The original Lillet

You’re right not to hold your breath, especially since there is no such thing as “original Lillet Blanc”.

There’s an interesting doctoral thesis on Lillet written in the mid-80’s by a French historian specialised in small, family-owned local businesses. He had access to the archive and the correspondence of the family, and it shows that Lillet was constantly evolving. There’s no original formula, but a series of changes and adaptations. The product also varied according to where it was sold – and to whom.

When Lillet was launched, it was Sauternes-based and fortified with Armagnac eau-de-vie. A ‘double quinquina’ version was sent to the colonies. When it finally found some success in the UK, Sauternes and Armagnac were distant memories – and the market got a special, drier version. The Lillet that made it big in the US in the 60’s went through a couple of different formulas. And so on and so forth.

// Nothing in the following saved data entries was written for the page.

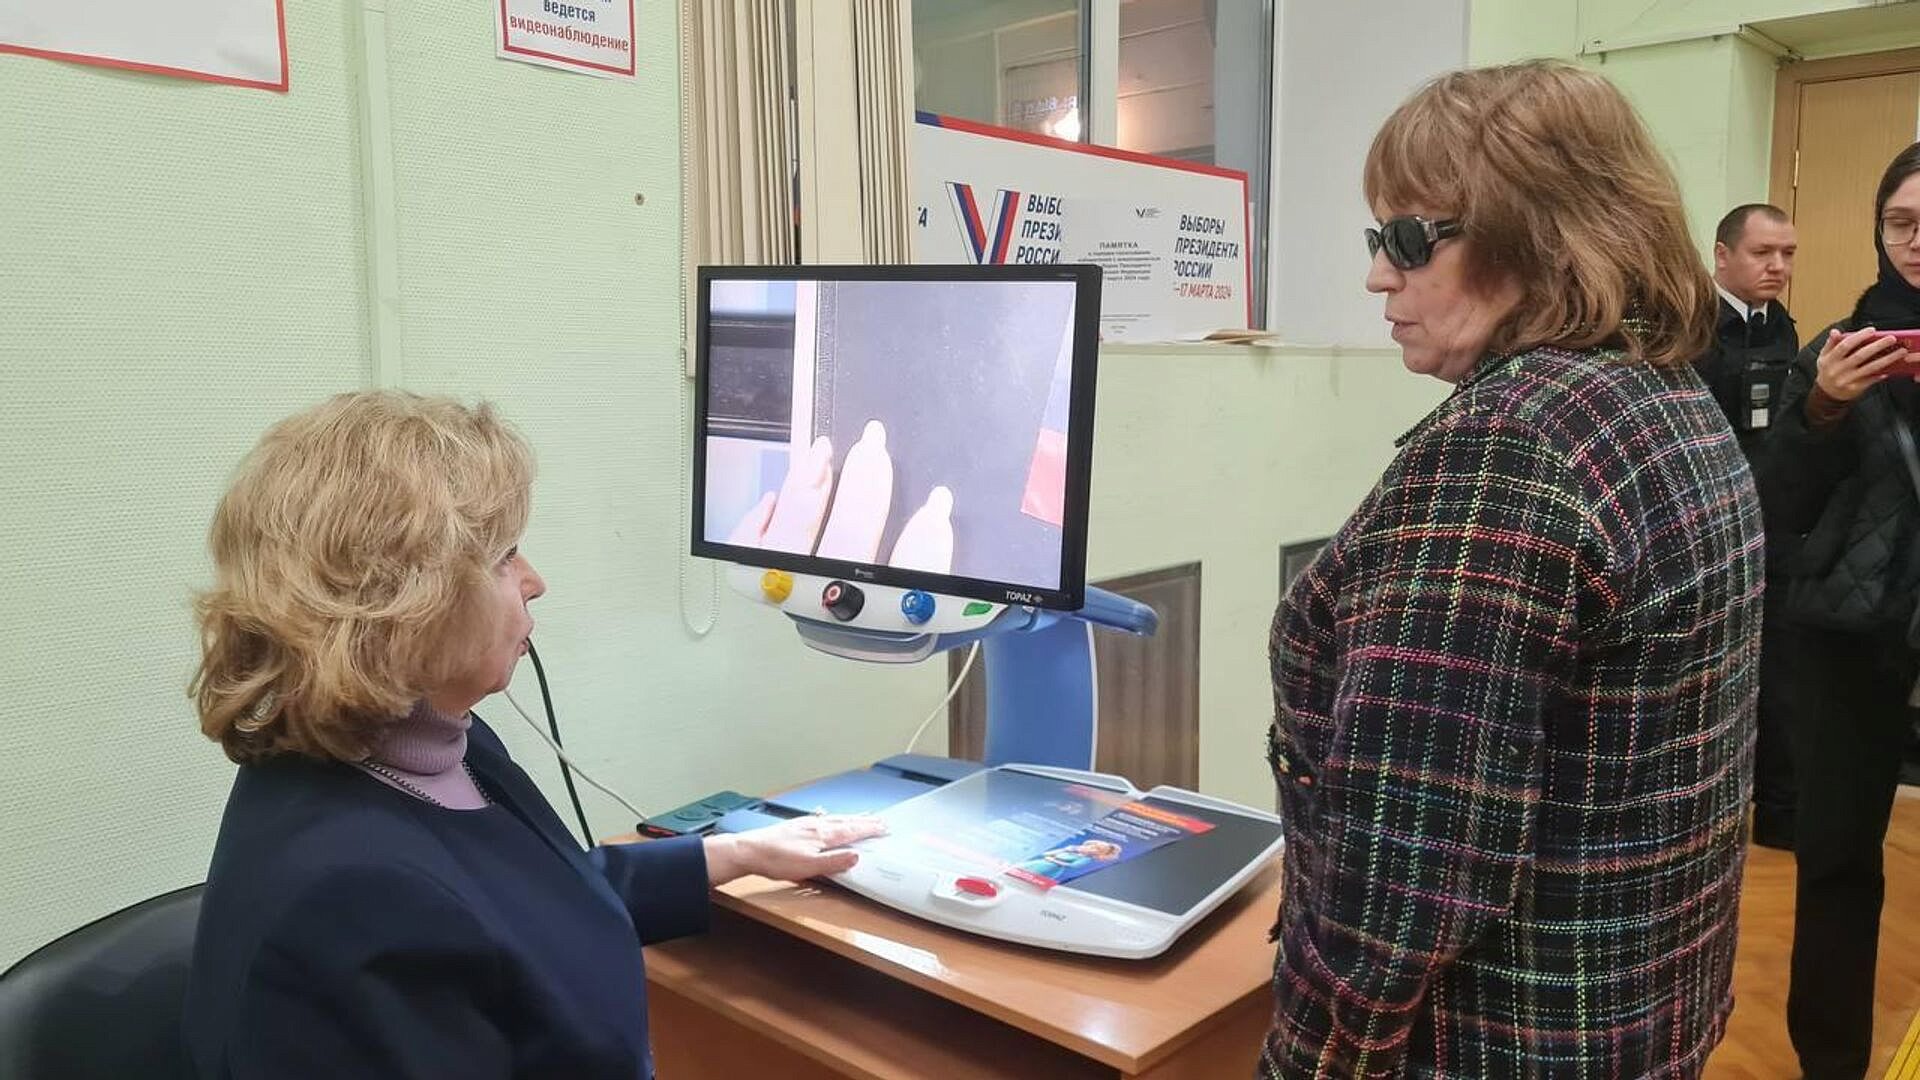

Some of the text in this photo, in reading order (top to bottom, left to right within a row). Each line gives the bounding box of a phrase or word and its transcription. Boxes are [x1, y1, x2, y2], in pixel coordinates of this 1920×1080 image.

[543, 0, 596, 22] ведется
[510, 15, 629, 50] видеонаблюдение
[1179, 214, 1225, 235] ВЫБОРЫ
[1099, 241, 1138, 250] ПАМЯТКА
[1174, 237, 1239, 260] ПРЕЗИДЕНТА
[1189, 283, 1213, 298] МАРТА
[1213, 285, 1232, 300] 2024
[1006, 590, 1032, 603] TOPAZ

So on what formula do we settle? As cocktail people, I would assume we’d say “the English one, the one that made it into the Savoy Cocktail Book”. That would be the Lillet ‘goût anglais’, drier, stronger (18°) and, according to the family’s correspondence, more bitter. Thing is: as far as we know, the formula hasn’t survived and we’re not even sure this is the one Craddock, Tarling and others were actually using – or rather what version they mean when they mention the brand.

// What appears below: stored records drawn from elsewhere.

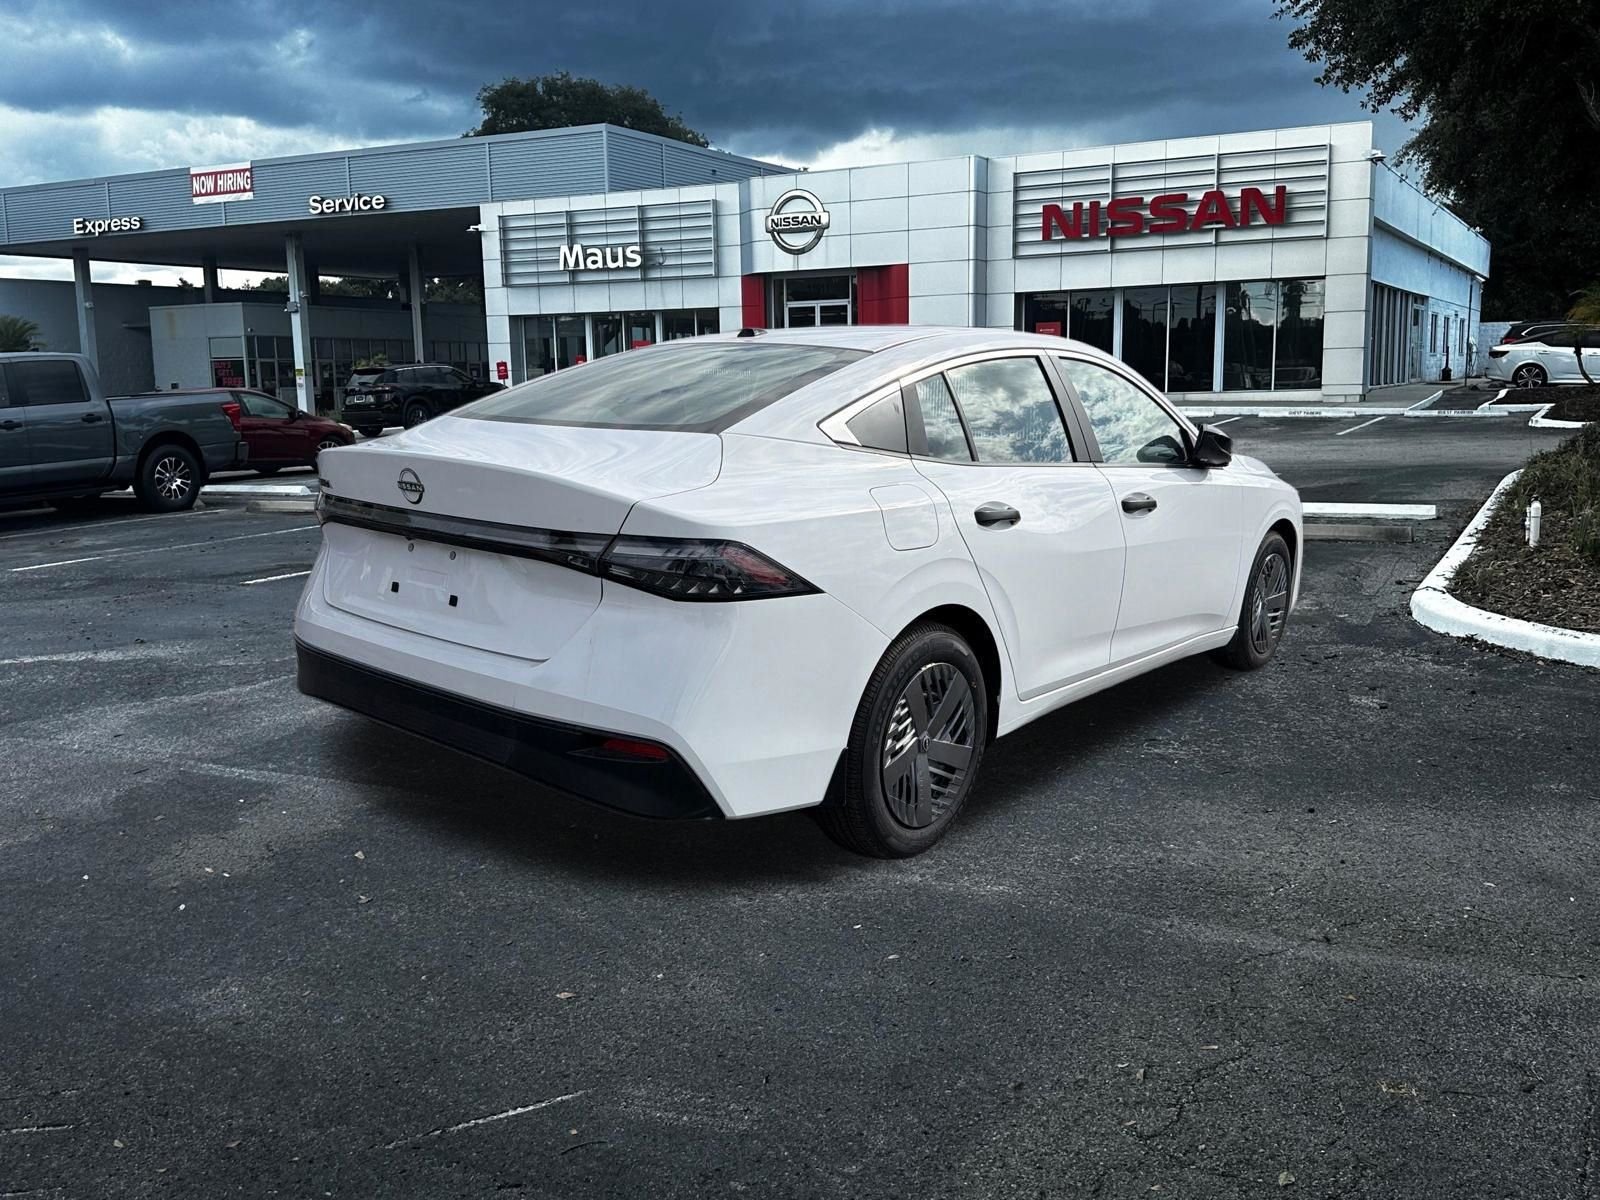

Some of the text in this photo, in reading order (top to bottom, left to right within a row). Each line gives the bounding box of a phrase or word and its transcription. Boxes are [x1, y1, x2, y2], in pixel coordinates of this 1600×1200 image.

[192, 171, 251, 195] NOW HIRING
[309, 193, 385, 214] Service
[1042, 185, 1287, 241] NISSAN
[73, 216, 141, 236] Express
[770, 215, 822, 228] NISSAN
[559, 244, 642, 271] Maus
[223, 376, 244, 386] FREE

In any case, odds are that the ‘goût anglais’ didn’t taste anything like Cocchi Americano or French quinquinas such as Cap Corse or new brands based on old recipes such as Aéro d’Or. Americano is vermouth with extra gentian - quinquina is a sideshow. It can - and should - be excluded as an ‘historical’ alternative. Ditto French quinquinas: they are mistelle based and heavy on the aromatics. Lillet never was. From early on, Lillet was developed as a product with strong wine character and discreet aromatisation. Its selling point compared to other quinquinas was the quality of the wine and the elegance and lightness of the formula. If us ‘authenticity’ obsessed cocktail freaks had been around back in 1895, we might have just been treating it as we treat some so-called American ‘vermouths’ today… “Not a real quinquina, bro!”

For what it’s worth, I tasted a couple of samples of French 1960’s Lillet and their bitterness while more marked than today’s product, was discreet. If I remember correctly, @Splificator once said that the samples he got access to were not bitter at all. But I don’t think either us got to taste something pre-war or ‘Goût anglais’.